# Number of one-one function from sets $A$ to $B$.

Let $$A=\{1,2,3,4,5\}$$ and $$B=\{0,1,2,3,4,5\}$$. Number of one-one function from $$A$$ to $$B$$ such that $$f(1) \neq 0$$ and $$f(i)\neq i$$ for $$i={1,2,3,4,5}$$ is _______ .

So I know one one function means for each $$x$$ there will be only one $$y$$.

But here if I take for $$1$$ from $$A$$ then total number of functions $$=480$$ as $${{4_C}_1}×{{5_P}_4}$$

But for every for every other $$i$$ from $$A$$ it will be $${{5_C}_1}×{{5_P}_4}$$ so total cases will be $$480+2400=2880$$.

But I don't know how to further proceed.

• One to one function means for each point in the image of the function ( for each y ) there is exactly one x that maps to it – Ameryr Dec 6 '18 at 17:23
• @Ameryr That's what I have written there – jayant98 Dec 6 '18 at 17:42
• “For each x there exists one y” that condition holds for any function f(x) , one to one for each y there exists one x. $f(x)=x^2$ is not one to one if we have $f(1)=2, f(1)=3$ that’s not a function – Ameryr Dec 6 '18 at 23:53
• To obtain $\{1, 2, 3, 4, 5\}$, type $\{1, 2, 3, 4, 5\}$. This is an Inclusion-Exclusion Principle problem. – N. F. Taussig Dec 7 '18 at 10:33

Definition. A number $$c$$ is said to be a fixed point of a function if $$f(c) = c$$.
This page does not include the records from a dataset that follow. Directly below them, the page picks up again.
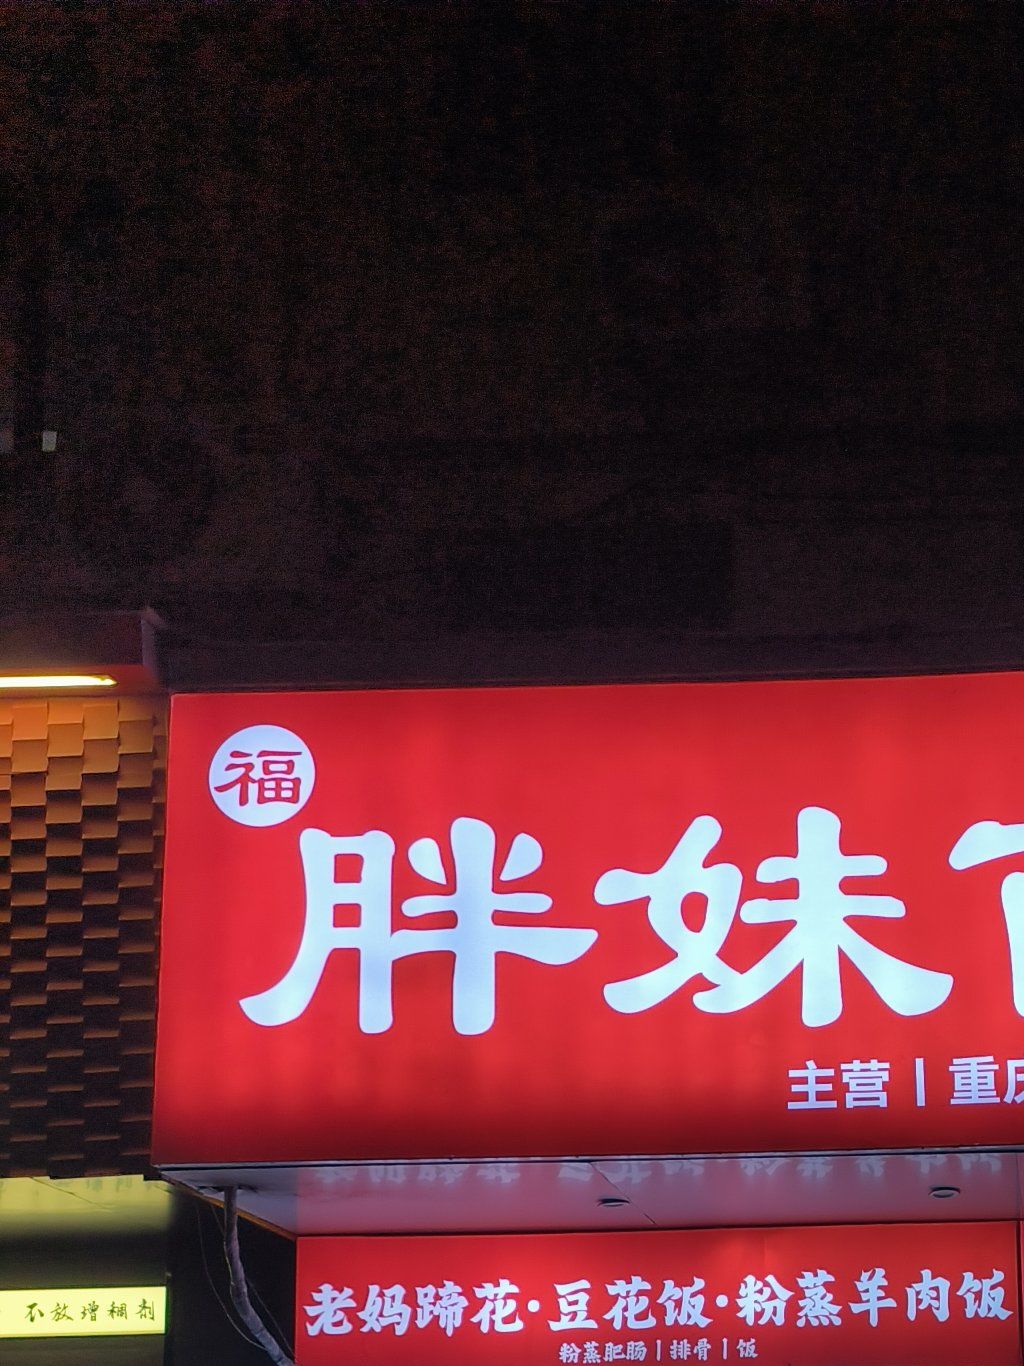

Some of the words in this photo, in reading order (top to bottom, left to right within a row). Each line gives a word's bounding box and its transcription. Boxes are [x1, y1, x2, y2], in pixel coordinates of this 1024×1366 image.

[214, 749, 303, 807] 福
[787, 1059, 890, 1109] 主营
[559, 1340, 648, 1364] 粉蒸肥肠
[669, 1338, 712, 1362] 排骨
[736, 1339, 759, 1360] 饭
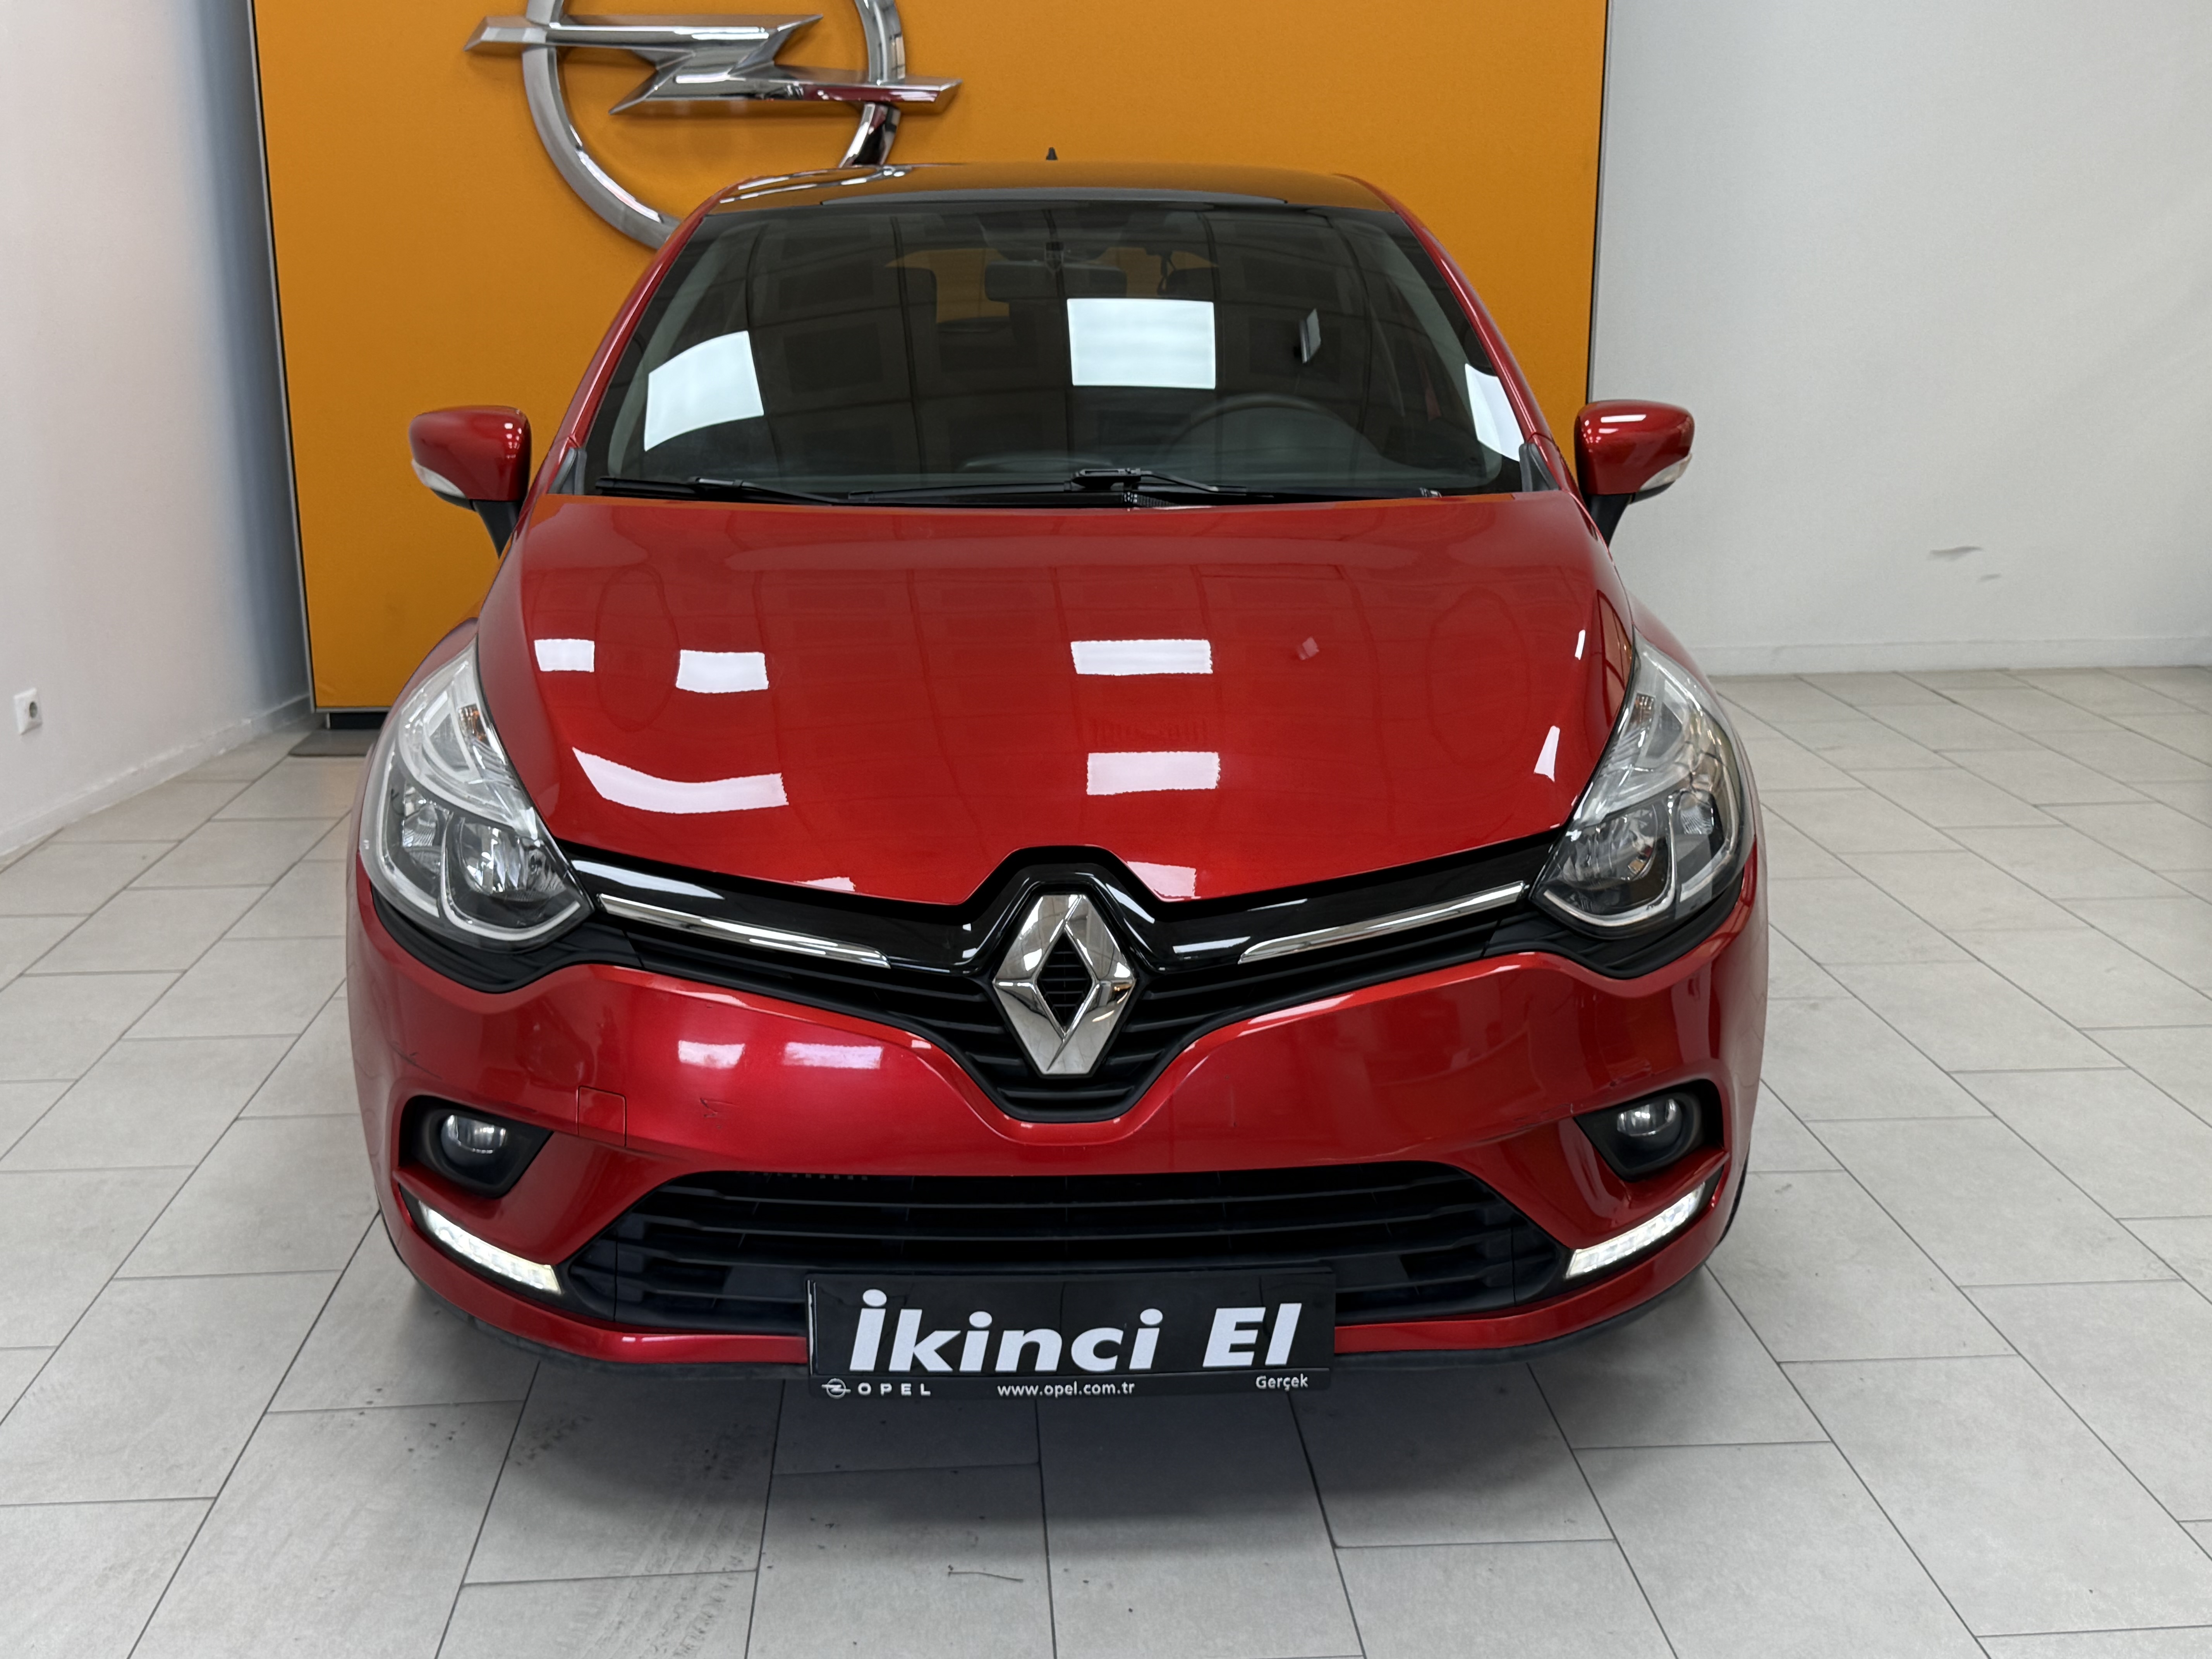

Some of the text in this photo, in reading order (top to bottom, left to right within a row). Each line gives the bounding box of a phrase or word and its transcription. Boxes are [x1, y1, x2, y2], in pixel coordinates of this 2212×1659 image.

[849, 1289, 1302, 1372] İkinci El
[857, 1382, 932, 1396] OPEL
[997, 1380, 1135, 1398] www.opel.com.tr
[1255, 1373, 1309, 1392] Gerçek
Let $$A = \{1, 2, 3, 4, 5\}$$; let $$B = \{0, 1, 2, 3, 4, 5\}$$.

If there were no restrictions, we would have $$6 \cdot 5 \cdot 4 \cdot 3 \cdot 2 = 6!$$ ways to map the elements in the domain to distinct elements in the codomain. Hence, there are $$6!$$ injective functions $$f: A \to B$$. From these, we must exclude those that violate the restrictions that $$f(0) \neq 1$$ and that $$f(i) \neq i, 1 \leq i \leq 5$$.

We will use the Inclusion-Exclusion Principle.

A number in the domain is mapped to a prohibited value of the codomain: We consider two cases, depending on whether or not that number is $$1$$.

The number $$1$$ is mapped to $$0$$ or $$1$$: There are two ways to choose the image of $$1$$. That leaves five elements in the codomain to which the remaining four numbers in the domain can be mapped. The remaining numbers in the domain can be mapped to distinct elements of that subset of the codomain in $$5 \cdot 4 \cdot 3 \cdot 2 = 5!$$ ways. Hence, there are $$\binom{2}{1}5!$$ such injective functions.

A number other than $$1$$ is a fixed point: There are four ways to choose which of the four numbers larger than $$1$$ is a fixed point. That leaves five numbers in the codomain to which the remaining four elements in the domain can be mapped. The remaining numbers in the domain can be mapped to distinct elements of that subset of the codomain in $$5!$$ ways. Hence, there are $$\binom{4}{1}5!$$ such injective functions.

Hence, there are $$\binom{2}{1}5! + \binom{4}{1}5!$$ injective functions in which a number in the codomain is mapped to a prohibited element of the codomain.

Two numbers in the domain are mapped to probibited values of the codomain: We again have to consider two cases, depending on whether or not $$1$$ is one of the numbers that is mapped to a prohibited value.

The number $$1$$ is mapped to $$0$$ or $$1$$ and another number is a fixed point: There are $$2$$ ways to choose the image of $$1$$ and four ways to pick which of the other four numbers in the codomain is a fixed point. That leaves four numbers in the codomain to which the remaining three elements in the codomain can be mapped. The remaining numbers in the domain can be mapped to distinct elements of that subset of the codomain in $$4 \cdot 3 \cdot 2 = 4!$$ ways. Hence, there are $$\binom{2}{1}\binom{4}{1}4!$$ such injective functions.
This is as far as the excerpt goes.